### EXERCISE OBJECTIVE
Every record below, from first to last, should be copied exactly; leave the pictures out.

DATA EXCERPTS below:

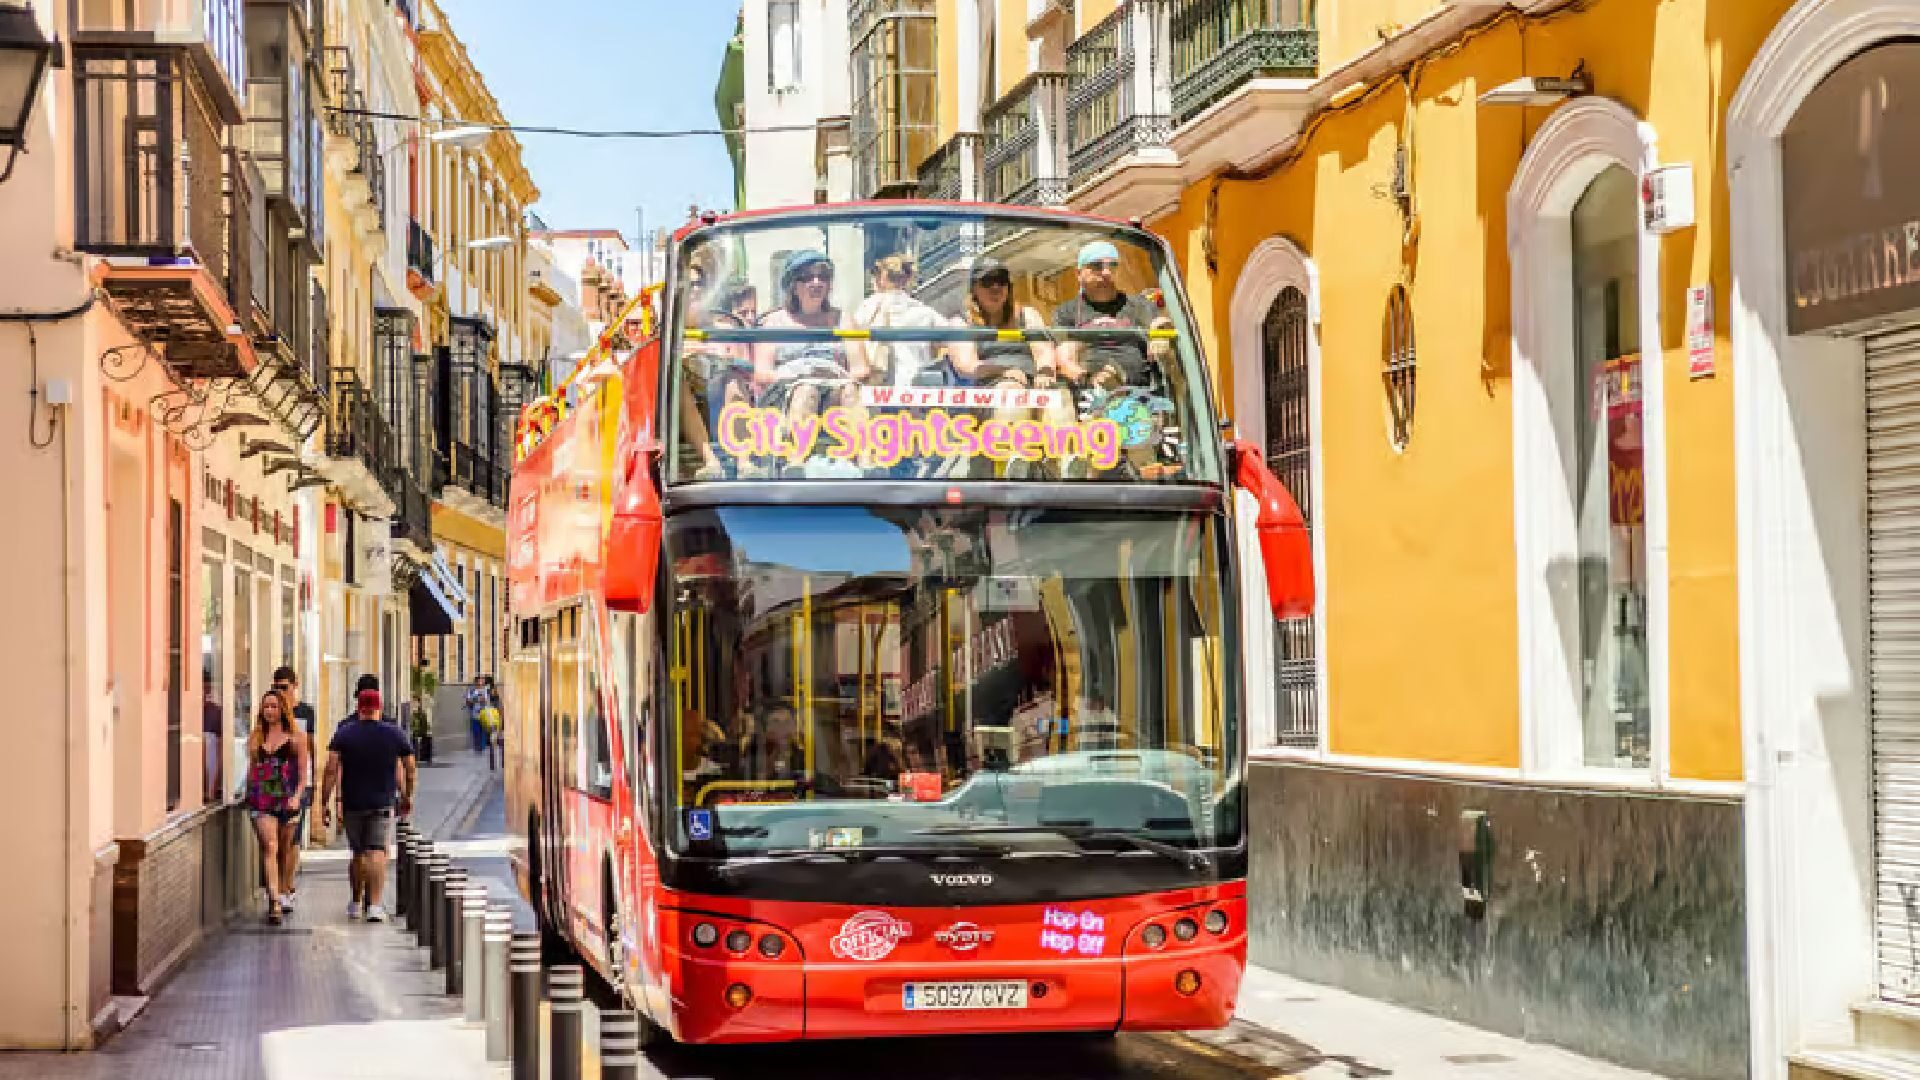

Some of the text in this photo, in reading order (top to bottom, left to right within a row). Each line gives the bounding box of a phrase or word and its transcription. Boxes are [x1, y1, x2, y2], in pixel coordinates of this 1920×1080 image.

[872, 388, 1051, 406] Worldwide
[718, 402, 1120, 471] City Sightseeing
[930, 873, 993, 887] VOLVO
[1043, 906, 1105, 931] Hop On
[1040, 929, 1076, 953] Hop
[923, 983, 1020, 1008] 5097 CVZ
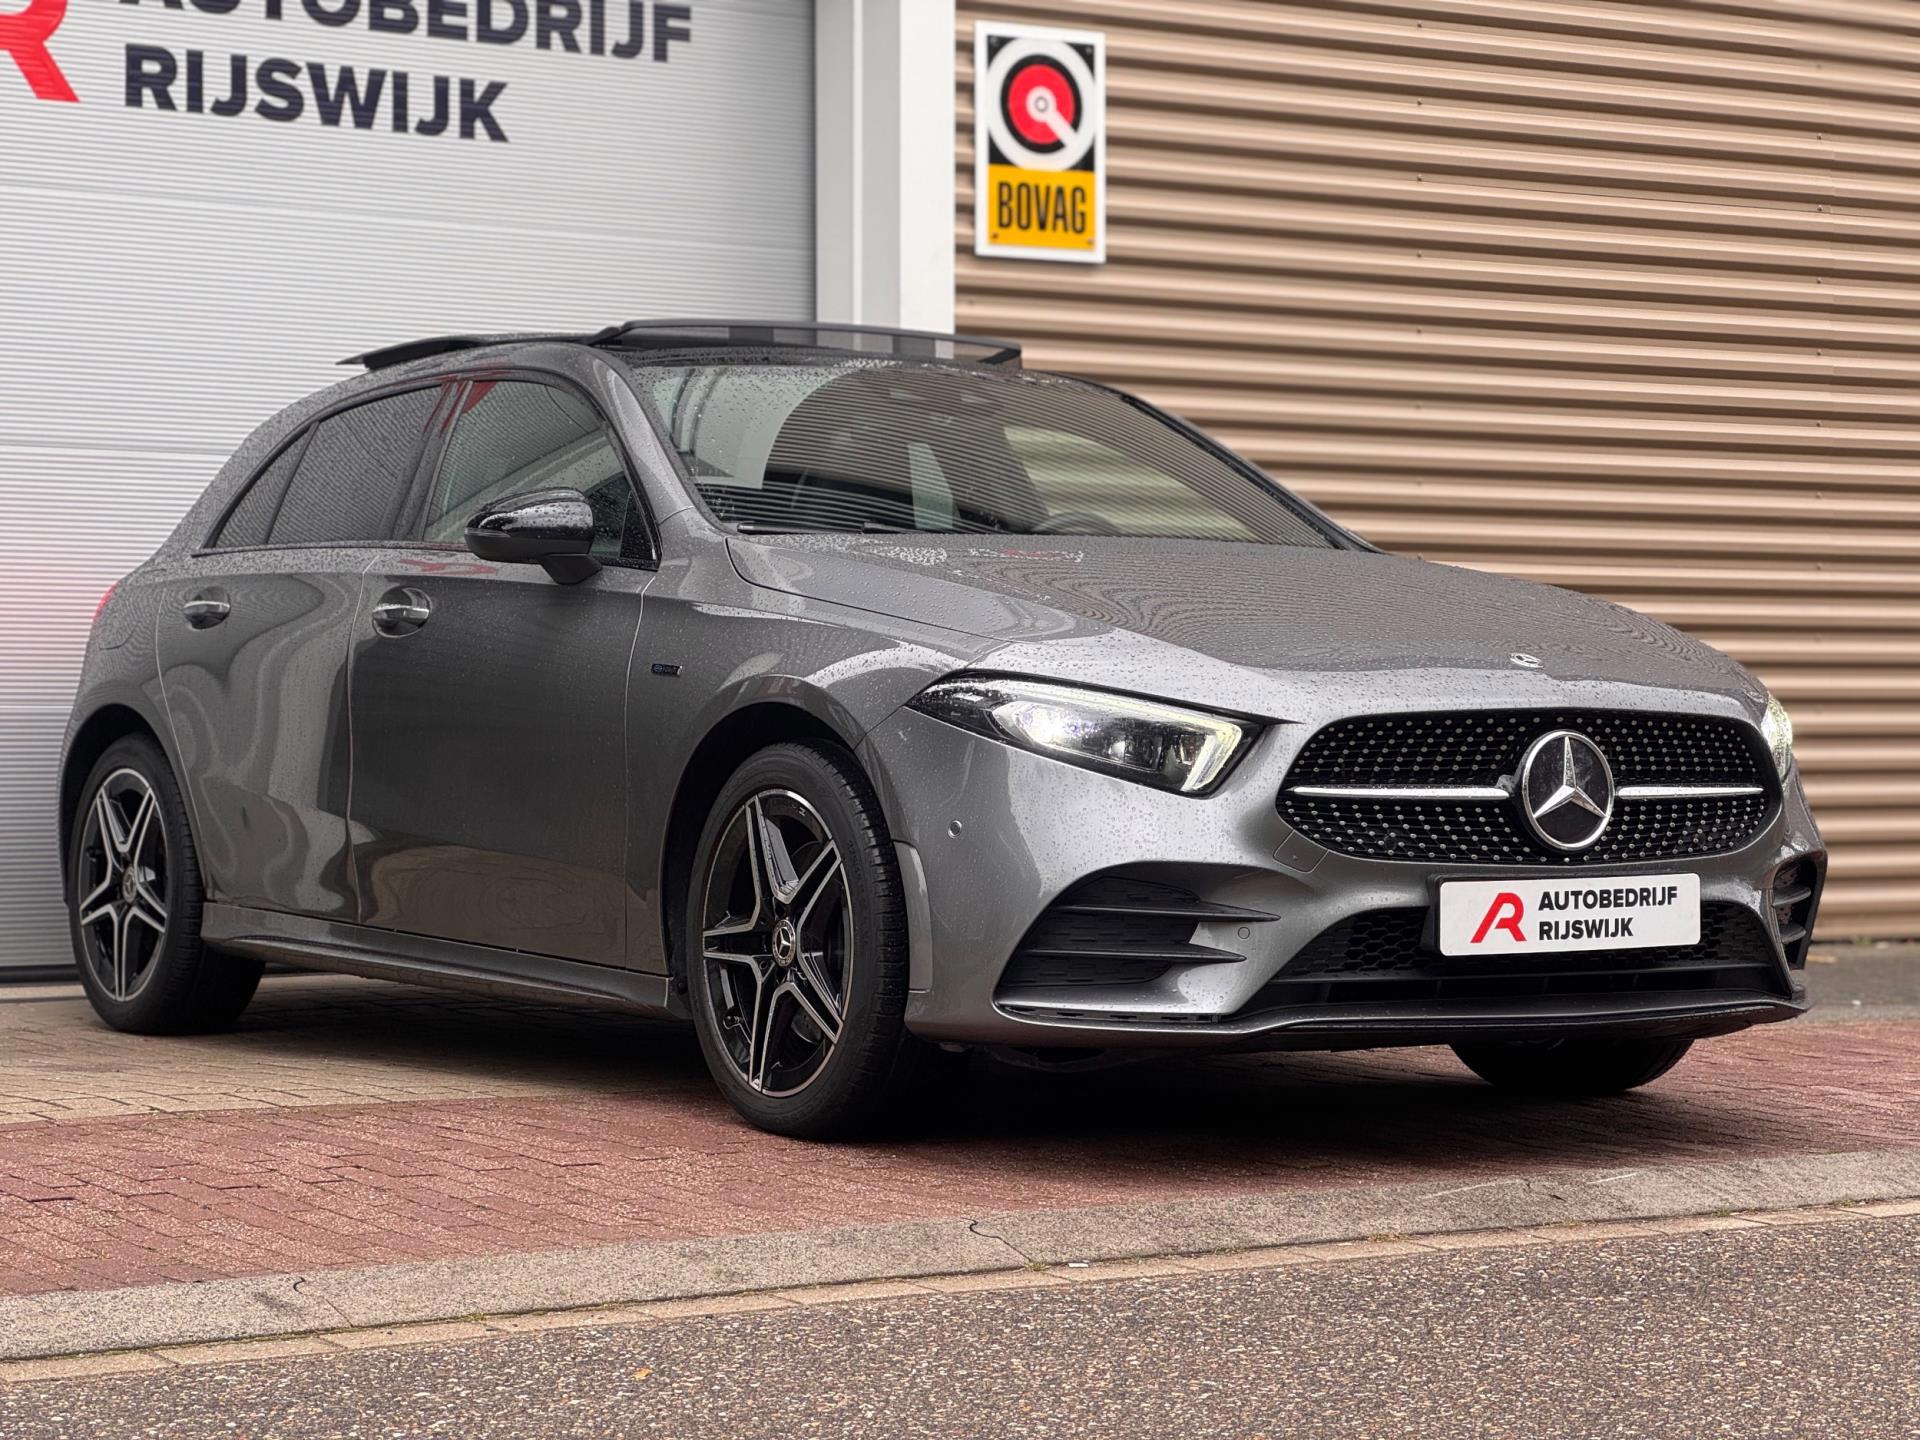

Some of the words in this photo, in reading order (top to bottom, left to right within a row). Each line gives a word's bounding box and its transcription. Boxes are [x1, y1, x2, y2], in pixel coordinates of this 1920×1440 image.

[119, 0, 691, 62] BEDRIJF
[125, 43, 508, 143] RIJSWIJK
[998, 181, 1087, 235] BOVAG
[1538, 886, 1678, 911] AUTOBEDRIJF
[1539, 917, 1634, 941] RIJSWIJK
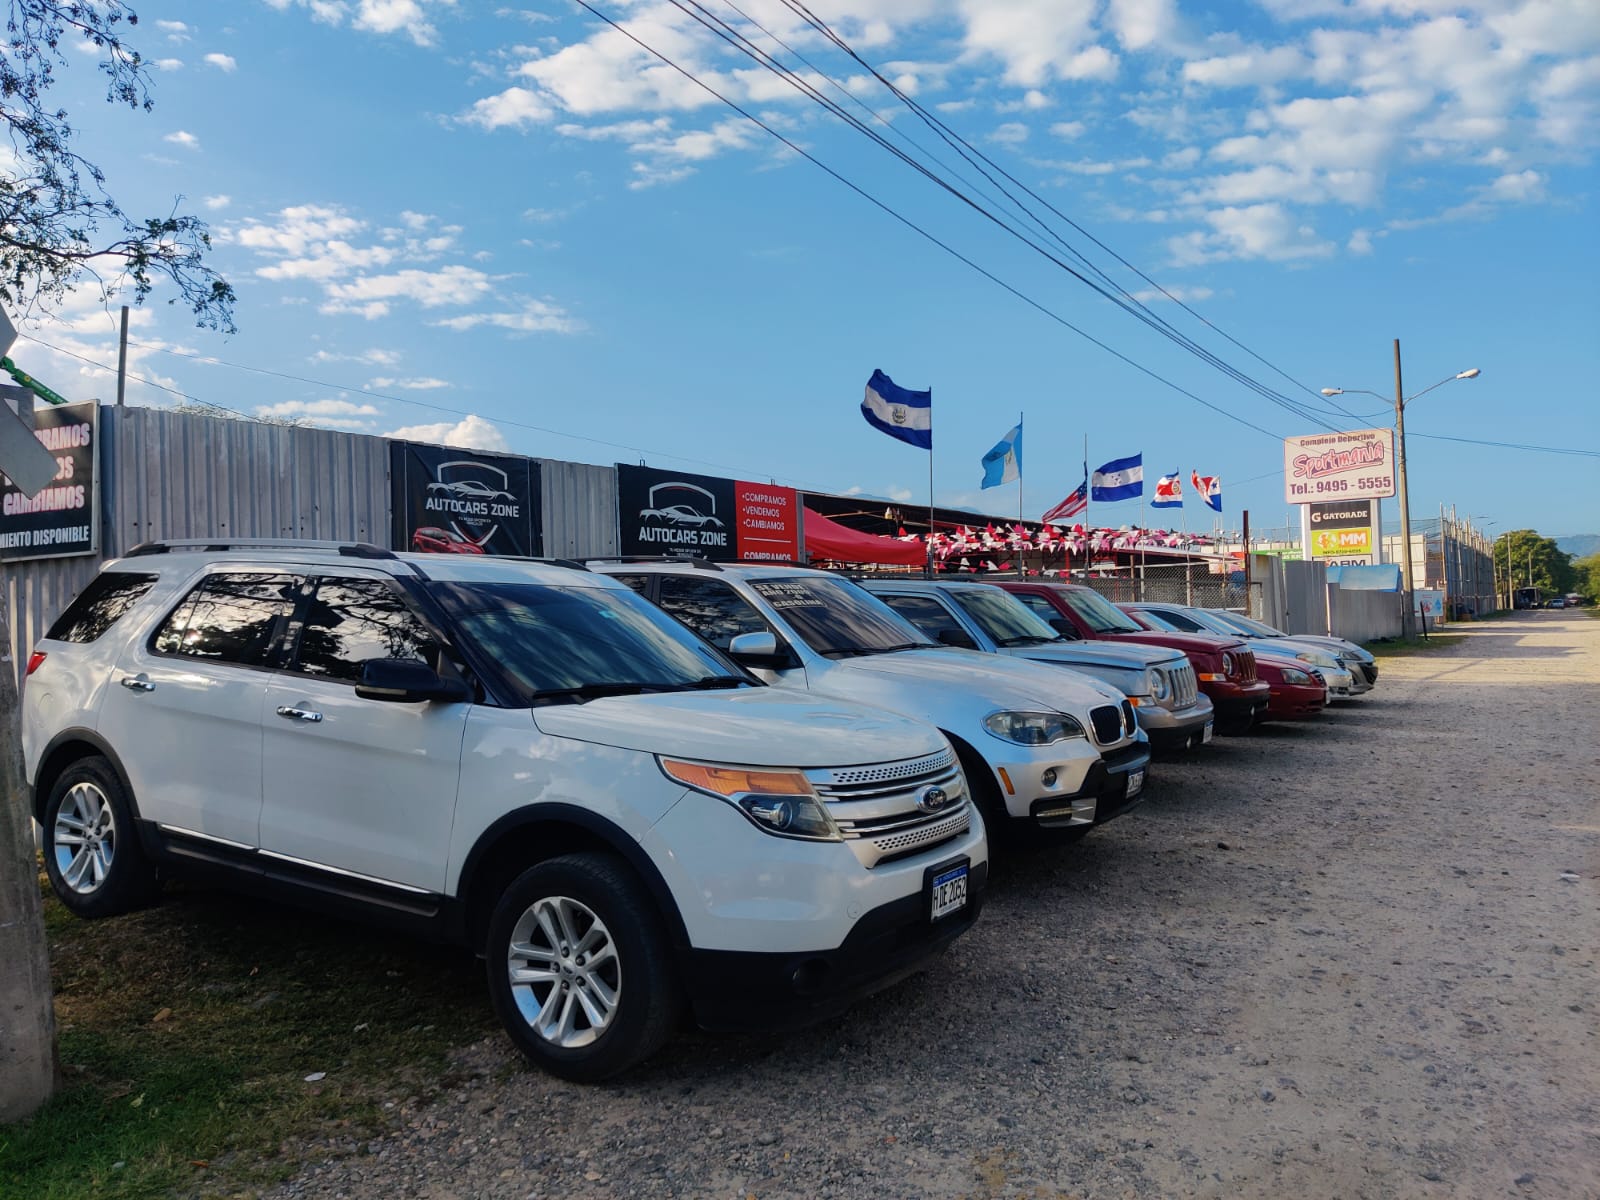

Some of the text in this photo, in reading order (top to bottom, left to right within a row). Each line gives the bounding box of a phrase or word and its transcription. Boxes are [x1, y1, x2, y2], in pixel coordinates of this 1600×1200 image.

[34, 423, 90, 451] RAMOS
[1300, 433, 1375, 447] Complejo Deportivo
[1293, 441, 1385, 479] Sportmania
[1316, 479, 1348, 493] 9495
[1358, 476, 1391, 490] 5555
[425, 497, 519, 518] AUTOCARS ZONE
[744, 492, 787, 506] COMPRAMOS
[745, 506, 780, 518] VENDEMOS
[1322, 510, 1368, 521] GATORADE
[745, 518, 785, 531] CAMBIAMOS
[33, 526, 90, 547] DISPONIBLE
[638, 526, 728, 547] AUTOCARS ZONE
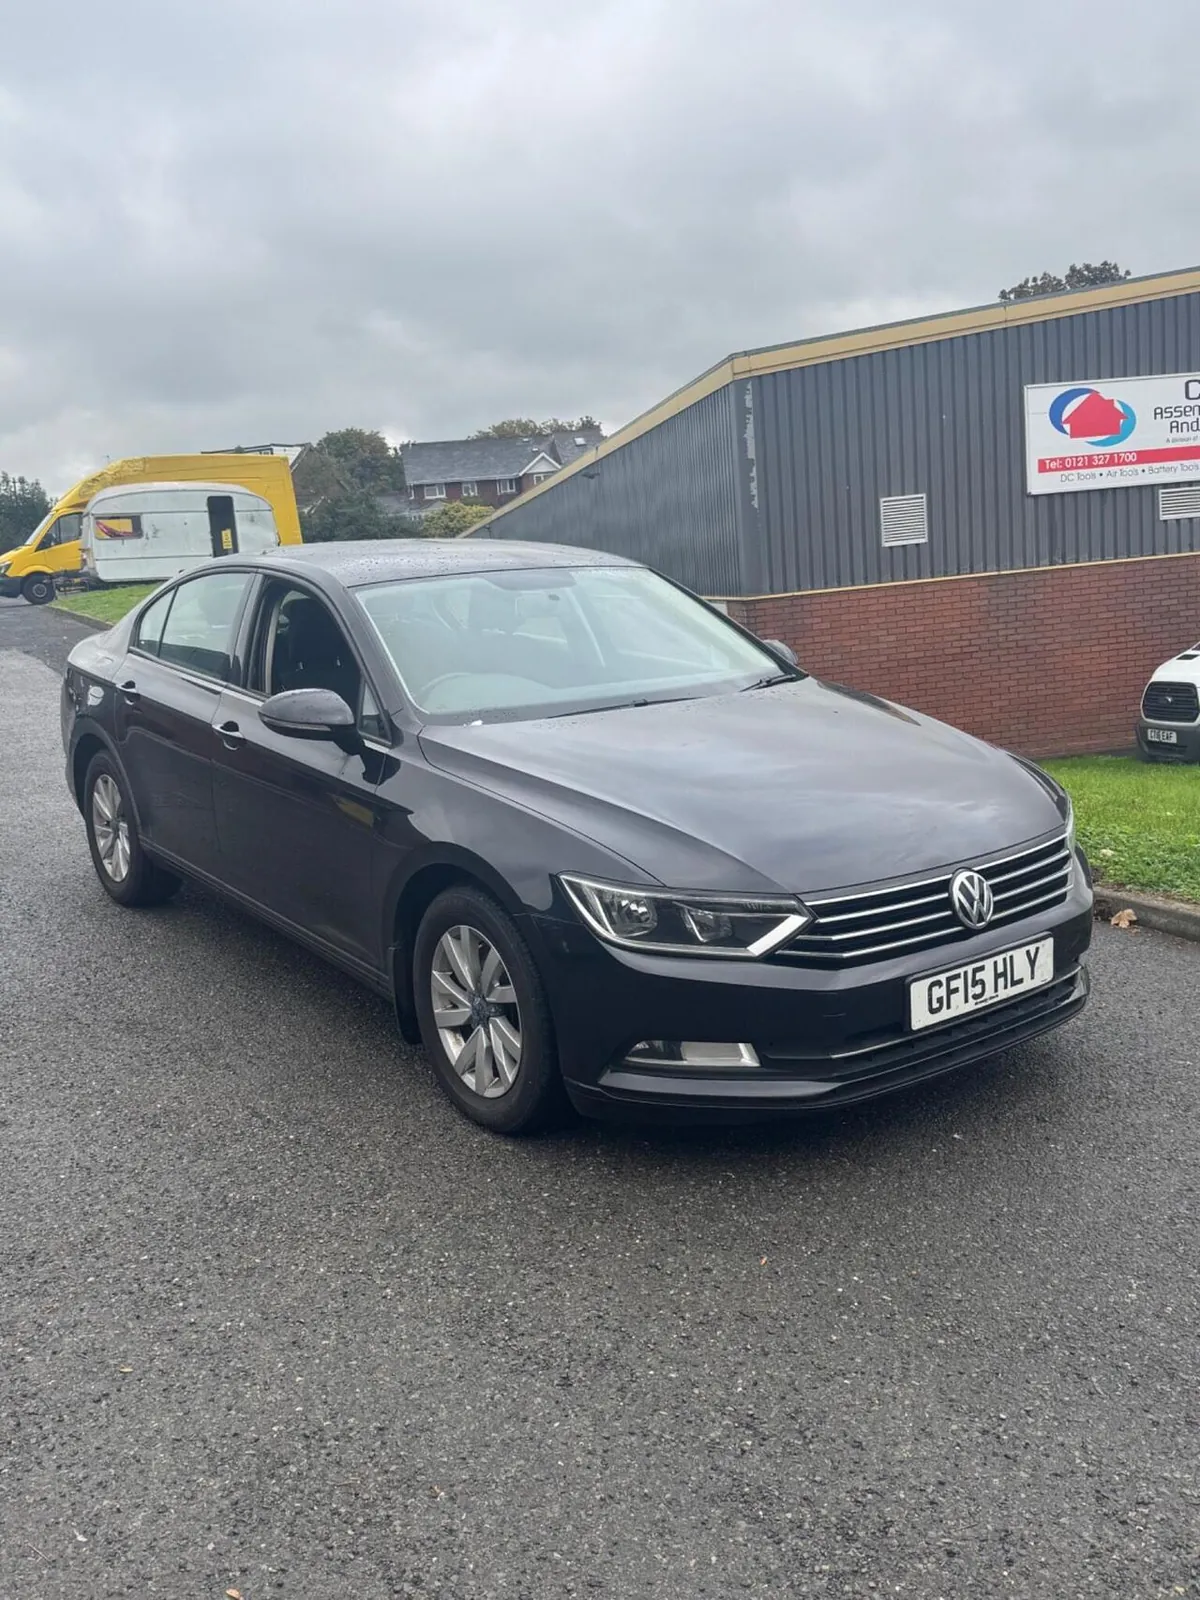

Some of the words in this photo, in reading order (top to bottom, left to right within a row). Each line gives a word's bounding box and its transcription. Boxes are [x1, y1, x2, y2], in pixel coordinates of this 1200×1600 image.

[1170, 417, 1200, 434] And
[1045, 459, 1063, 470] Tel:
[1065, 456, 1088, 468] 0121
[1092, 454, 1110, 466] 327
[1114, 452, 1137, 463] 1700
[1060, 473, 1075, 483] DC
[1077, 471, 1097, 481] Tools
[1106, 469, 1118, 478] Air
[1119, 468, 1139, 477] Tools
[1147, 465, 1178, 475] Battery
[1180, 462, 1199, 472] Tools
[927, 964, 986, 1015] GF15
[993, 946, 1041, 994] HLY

End of DATA EXCERPTS.

### SOLUTION
Some of the text in this photo, in reading order (top to bottom, left to right within a row). Each line gives the bounding box of a phrase or word and its transcription. Boxes are [x1, y1, x2, y2], in pixel coordinates of this 1920×1080 image.

[872, 388, 1051, 406] Worldwide
[718, 402, 1120, 471] City Sightseeing
[930, 873, 993, 887] VOLVO
[1043, 906, 1105, 931] Hop On
[1040, 929, 1076, 953] Hop
[923, 983, 1020, 1008] 5097 CVZ

Some of the words in this photo, in reading order (top to bottom, left to right within a row). Each line gives a word's bounding box and its transcription. Boxes are [x1, y1, x2, y2], in pixel coordinates of this 1920×1440 image.

[119, 0, 691, 62] BEDRIJF
[125, 43, 508, 143] RIJSWIJK
[998, 181, 1087, 235] BOVAG
[1538, 886, 1678, 911] AUTOBEDRIJF
[1539, 917, 1634, 941] RIJSWIJK

Some of the text in this photo, in reading order (top to bottom, left to right within a row). Each line gives the bounding box of a phrase or word and its transcription. Boxes are [x1, y1, x2, y2], in pixel coordinates of this 1600×1200 image.

[34, 423, 90, 451] RAMOS
[1300, 433, 1375, 447] Complejo Deportivo
[1293, 441, 1385, 479] Sportmania
[1316, 479, 1348, 493] 9495
[1358, 476, 1391, 490] 5555
[425, 497, 519, 518] AUTOCARS ZONE
[744, 492, 787, 506] COMPRAMOS
[745, 506, 780, 518] VENDEMOS
[1322, 510, 1368, 521] GATORADE
[745, 518, 785, 531] CAMBIAMOS
[33, 526, 90, 547] DISPONIBLE
[638, 526, 728, 547] AUTOCARS ZONE

Some of the words in this photo, in reading order (top to bottom, left to right within a row). Each line gives a word's bounding box and its transcription. Boxes are [x1, y1, x2, y2], in pixel coordinates of this 1200×1600 image.

[1170, 417, 1200, 434] And
[1045, 459, 1063, 470] Tel:
[1065, 456, 1088, 468] 0121
[1092, 454, 1110, 466] 327
[1114, 452, 1137, 463] 1700
[1060, 473, 1075, 483] DC
[1077, 471, 1097, 481] Tools
[1106, 469, 1118, 478] Air
[1119, 468, 1139, 477] Tools
[1147, 465, 1178, 475] Battery
[1180, 462, 1199, 472] Tools
[927, 964, 986, 1015] GF15
[993, 946, 1041, 994] HLY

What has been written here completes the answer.